There are more false negatives than false positives. Wait about 5 days and try again!!!

I am 6 weeks now and my first was a really light line that kept getting darker and darker over a few days and a few tests. I took it initially a few days before my period was due.


----------



## cherubess (Oct 14, 2004)

As you are testing early, why not test first thing in the morning?

I tested twice in one day about 3-4 days prior to my AF due date.

The tests were done in the afternoon.

The first test showed a positive. I wanted to double check to make sure it wasn't a false positive so I did another test but it showed as negative.

I tested the next morning and it showed positive.

I think the second one in the afternoon showed as negative because I was not yet due and the HCG levels in my urine were low due to watering down and peeing during the day ... if that makes sense.

Good luck to you! Fingers crossed.


----------



## MCatLvrMom2A&X (Nov 18, 2004)

North testing this early on you need to use first morning urine only because that is when the hcg is at its highest by testing in the day time your urine will be diluted enough that you probably wont see a


----------



## North_Of_60 (May 30, 2006)

So I did a Clear Blue test this morning (the +/- kind). I don't know what to think anymore... the top part of '+' was _slightly_ visible. But that's it.








:







:







:


----------



## Brisen (Apr 5, 2004)

:










I'm the test-every-day-until-my-period-comes type. I bought tests online at www.early-pregnancy-tests.com that were 20 mIU/mL sensitivity for less than $1 apiece, after s&h and taxes.


----------



## ~Demeter~ (Jul 22, 2006)

Get a digital. They cost a bit more but sometimes rather than decipher the lines it's better to get a "clear" answer. The morning I got my very very faint positive I ran out and got a digital which said positive. I felt better after that because I wasn't thinking is it or isn't it all day. I hope you get the results you want!


----------



## devster4fun (Jan 28, 2007)

I second the digital type.

We started ttc and the day my first period was due, I took a test....absolutely having NO expectation of being pregnant. It was the kind with he + sign. In hindsight, there was no mistaking it. But, the digital one said "PREGNANT." In fact, 3 more said the same thing. And, a blood test done by my NP the next day.

I so, so hear you....

Have you tried the digital today?????


----------



## MysteryMama (Aug 11, 2006)

Quote:


Originally Posted by *North_Of_60* 
Really?
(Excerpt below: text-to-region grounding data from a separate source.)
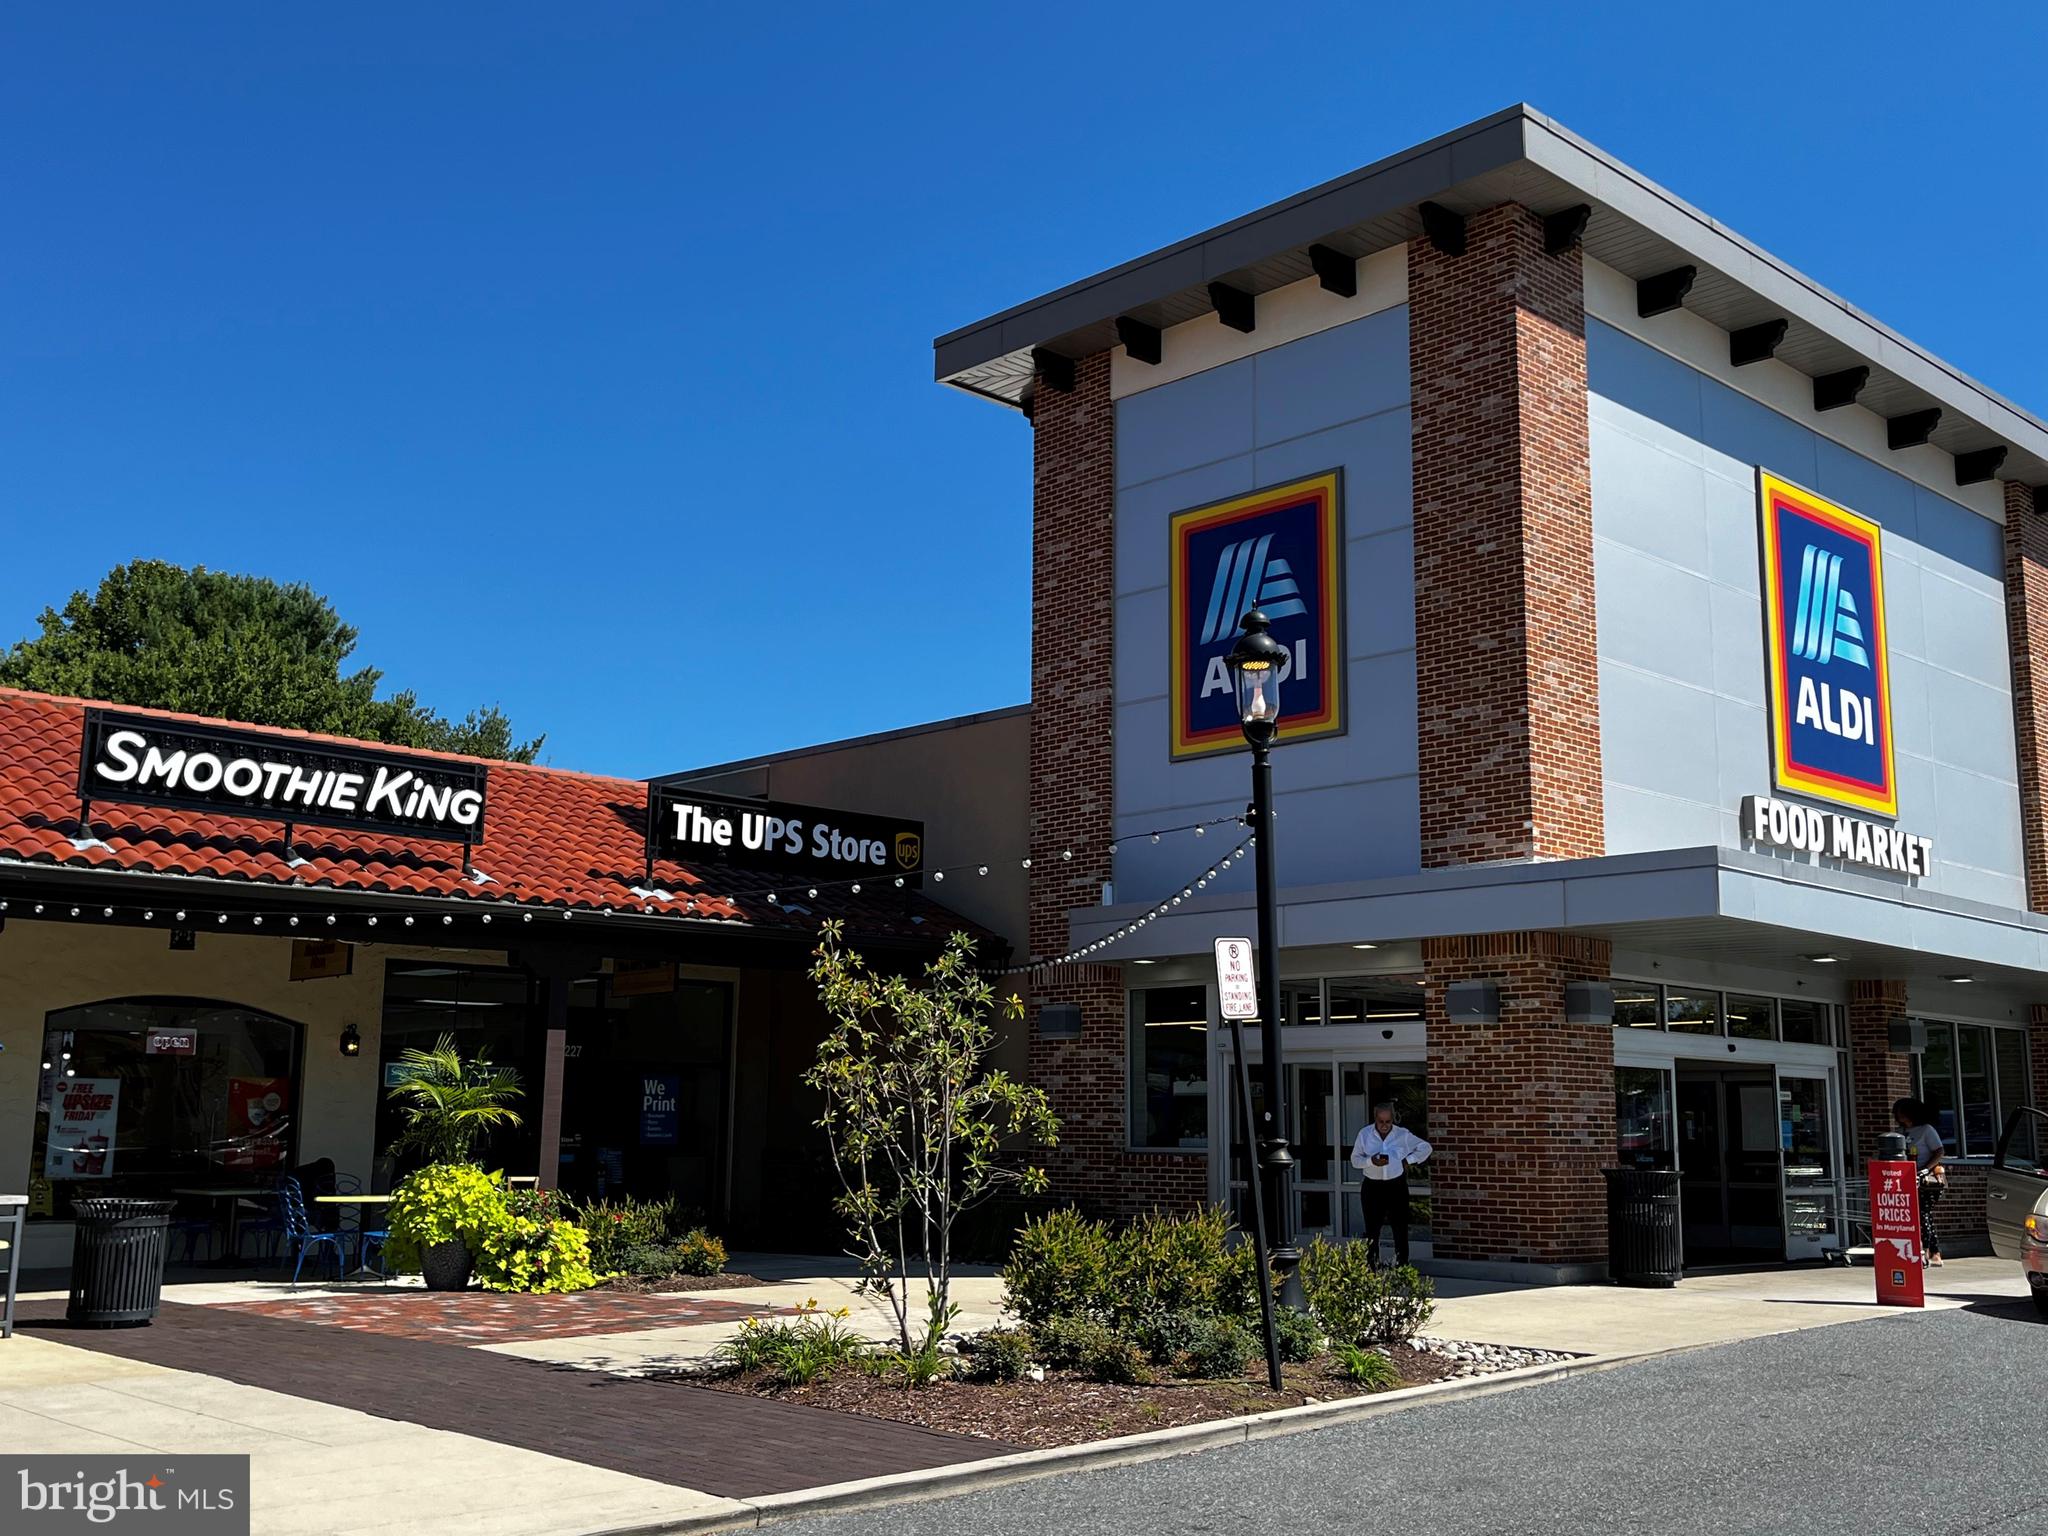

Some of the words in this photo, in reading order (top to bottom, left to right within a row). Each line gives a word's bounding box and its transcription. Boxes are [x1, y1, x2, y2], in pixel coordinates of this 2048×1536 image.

[1201, 638, 1306, 698] AI
[1796, 675, 1875, 746] ALDI
[96, 731, 363, 811] SMOOTHIE
[672, 803, 732, 847] The
[741, 812, 804, 855] UPS
[812, 823, 886, 865] Store
[1753, 795, 1825, 853] FOOD
[1832, 814, 1933, 877] MARKET
[898, 842, 919, 863] ups
[1230, 960, 1241, 972] NO
[1225, 974, 1248, 982] PARKING
[1224, 992, 1252, 1001] STANDING
[153, 1035, 190, 1051] open
[565, 1045, 582, 1057] 227
[72, 1083, 95, 1094] FREE
[644, 1079, 666, 1096] We
[642, 1096, 676, 1112] Print
[63, 1110, 96, 1122] FRIDAY
[1882, 1169, 1902, 1177] Voted
[1883, 1178, 1902, 1193] #1
[1877, 1193, 1911, 1208] LOWEST
[1878, 1208, 1911, 1223] PRICES
[1884, 1224, 1916, 1233] Maryland
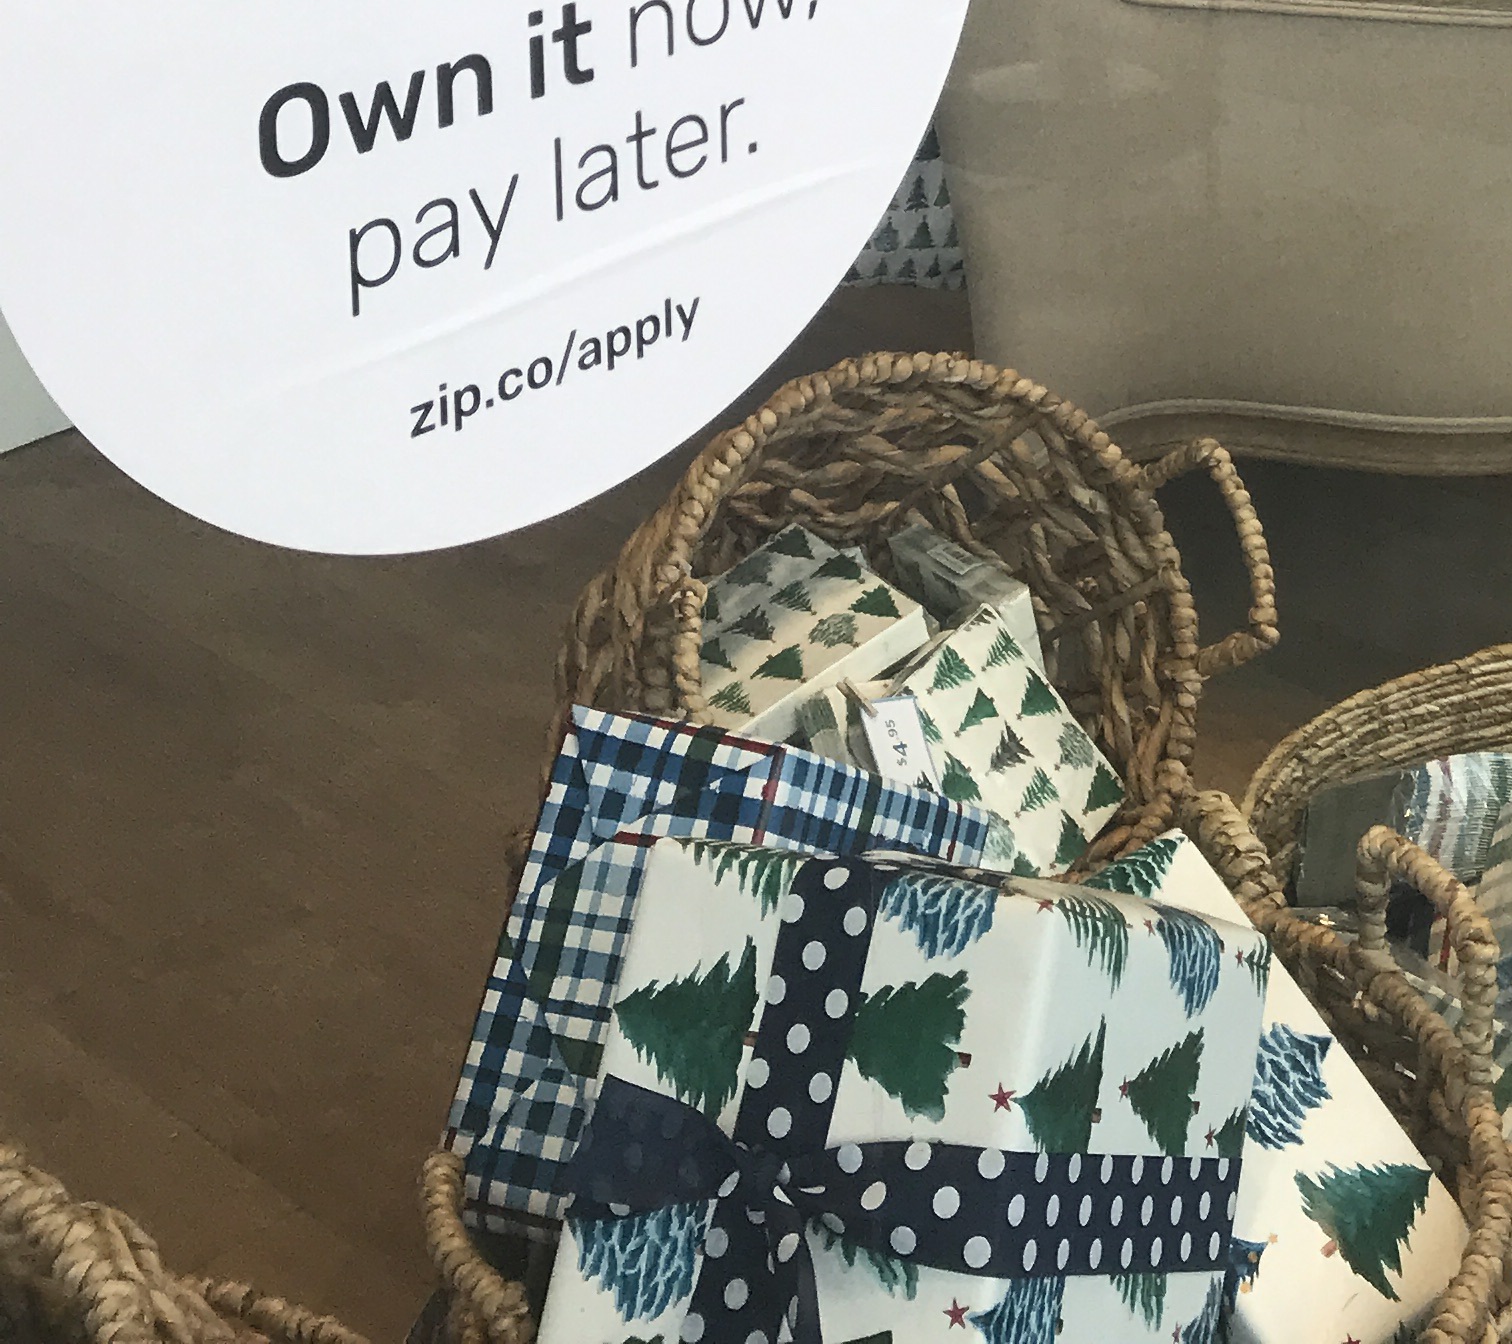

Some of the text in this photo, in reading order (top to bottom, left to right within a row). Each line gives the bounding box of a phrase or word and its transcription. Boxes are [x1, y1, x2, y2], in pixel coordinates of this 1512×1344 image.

[256, 51, 494, 180] Own
[525, 1, 595, 99] it
[348, 93, 760, 316] pay later.
[410, 296, 701, 439] zip.co/apply
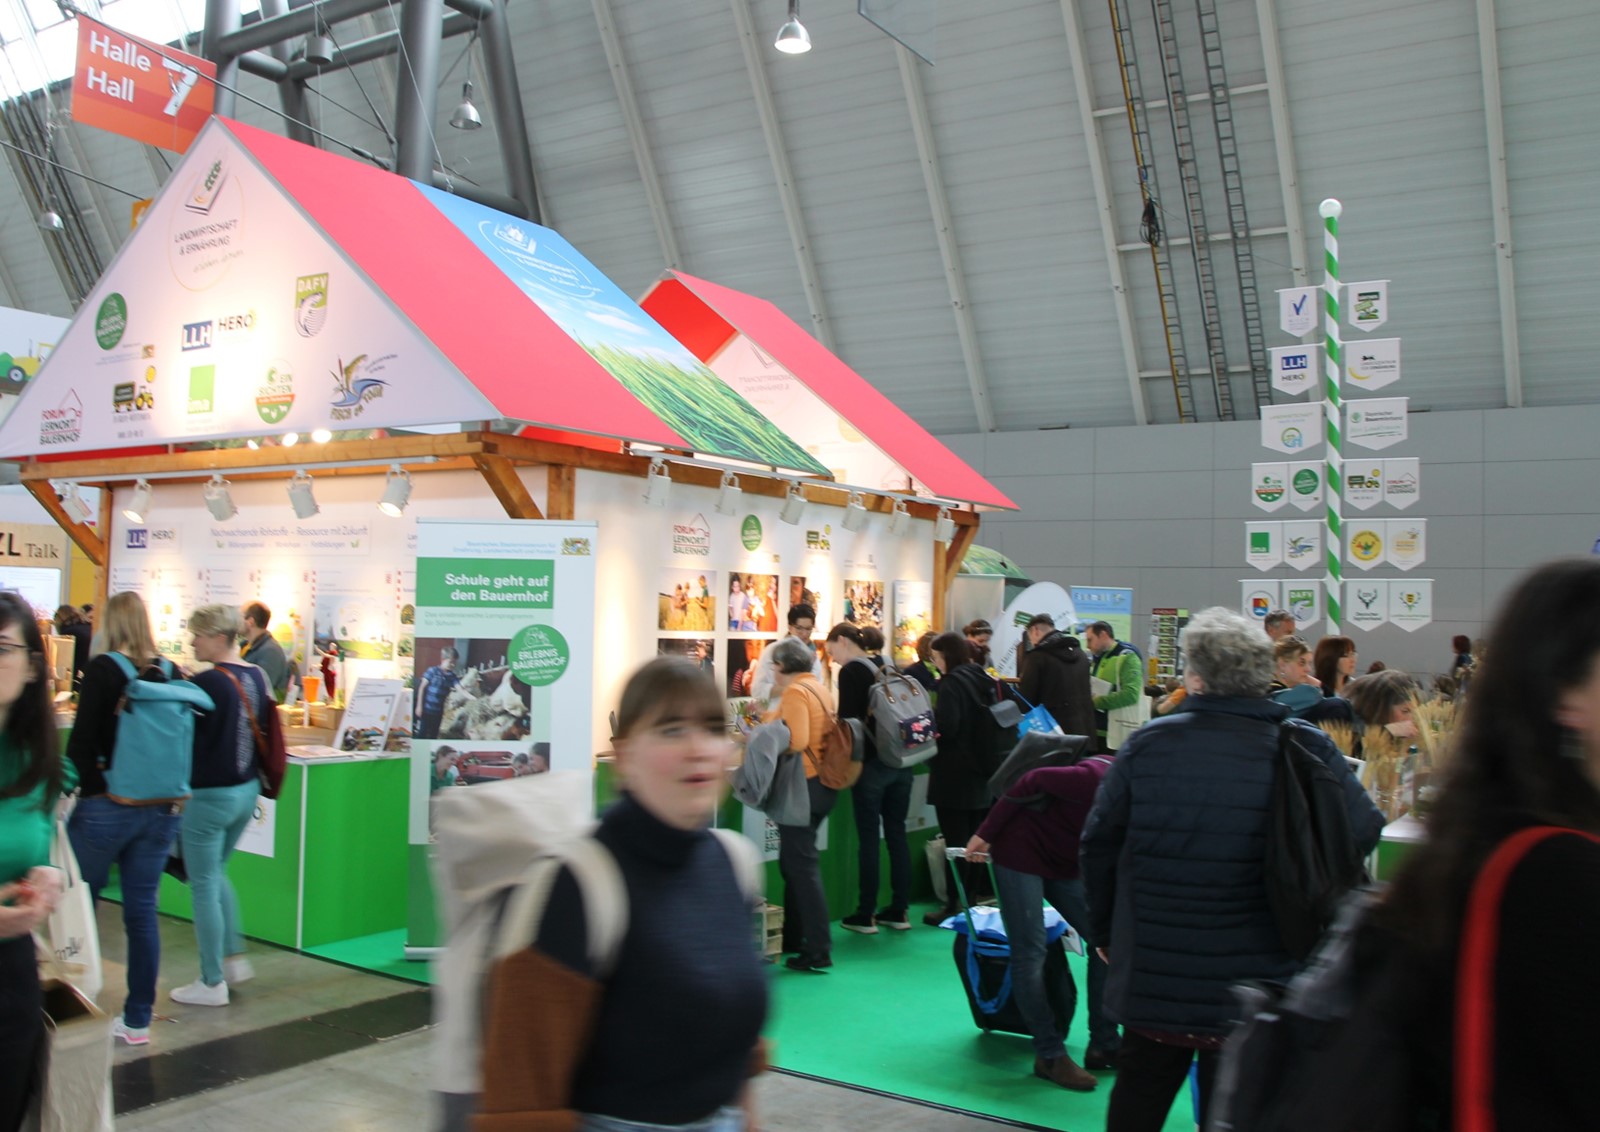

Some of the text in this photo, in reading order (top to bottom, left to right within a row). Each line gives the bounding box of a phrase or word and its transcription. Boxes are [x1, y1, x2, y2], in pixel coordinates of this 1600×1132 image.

What was your username?

jbaby. or maybe it was j_baby? i haven't really been on there much since i have found mdc.


----------



## MysteryMama (Aug 11, 2006)

Quote:


Originally Posted by *North_Of_60* 
So I did a Clear Blue test this morning (the +/- kind). I don't know what to think anymore... the top part of '+' was _slightly_ visible. But that's it.








:







:







:

YOU'RE PREGNANT!


----------



## Marlet (Sep 9, 2004)

Post a picture.


----------



## North_Of_60 (May 30, 2006)

Quote:


Originally Posted by *OtherMother'n'Madre* 
Post a picture.
















I don't think it would show in a picture. It's hard to explain, the but on the top part of the '+' symbol, it's the left side of the line. Not the whole line. Again, I don't know if it's shading of the line underneither or not. It's really very faint.

Maybe I'll get a digital today, but I can't let my husband know. He's going to kill me. He said if I need more tests I have to go to the dollar store.









How much does a digital cost?


----------



## North_Of_60 (May 30, 2006)

Quote:


Originally Posted by *OtherMother'n'Madre* 
Post a picture.
















The first one I did, the "disipearing positive" one, is really visible now. But I'm assuming that's the evaporation line. Right?


----------



## devster4fun (Jan 28, 2007)

I don't remember exactly, but digitals are more than 20 bucks. Better wait a few days


----------



## sanguine_speed (May 25, 2005)

Quote:


Originally Posted by *Mumof3Nic* 
Get a digital. They cost a bit more but sometimes rather than decipher the lines it's better to get a "clear" answer. The morning I got my very very faint positive I ran out and got a digital which said positive. I felt better after that because I wasn't thinking is it or isn't it all day. I hope you get the results you want!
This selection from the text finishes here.